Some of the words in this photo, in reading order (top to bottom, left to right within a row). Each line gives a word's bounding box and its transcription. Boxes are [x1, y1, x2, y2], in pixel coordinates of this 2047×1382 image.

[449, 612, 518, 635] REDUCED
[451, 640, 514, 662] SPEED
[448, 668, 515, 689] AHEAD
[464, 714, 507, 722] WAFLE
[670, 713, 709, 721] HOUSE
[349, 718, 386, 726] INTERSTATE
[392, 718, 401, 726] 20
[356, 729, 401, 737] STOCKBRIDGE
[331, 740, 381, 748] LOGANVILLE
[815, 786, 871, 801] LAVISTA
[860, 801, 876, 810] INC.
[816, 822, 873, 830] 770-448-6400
==========
WHAT IS EXPECTED: The response should consist of the entries, retyped exactly and in full.

RESPONSE:
Some of the words in this photo, in reading order (top to bottom, left to right within a row). Each line gives a word's bounding box and its transcription. Boxes are [x1, y1, x2, y2], in pixel coordinates of this 2047×1382 image.

[449, 612, 518, 635] REDUCED
[451, 640, 514, 662] SPEED
[448, 668, 515, 689] AHEAD
[464, 714, 507, 722] WAFLE
[670, 713, 709, 721] HOUSE
[349, 718, 386, 726] INTERSTATE
[392, 718, 401, 726] 20
[356, 729, 401, 737] STOCKBRIDGE
[331, 740, 381, 748] LOGANVILLE
[815, 786, 871, 801] LAVISTA
[860, 801, 876, 810] INC.
[816, 822, 873, 830] 770-448-6400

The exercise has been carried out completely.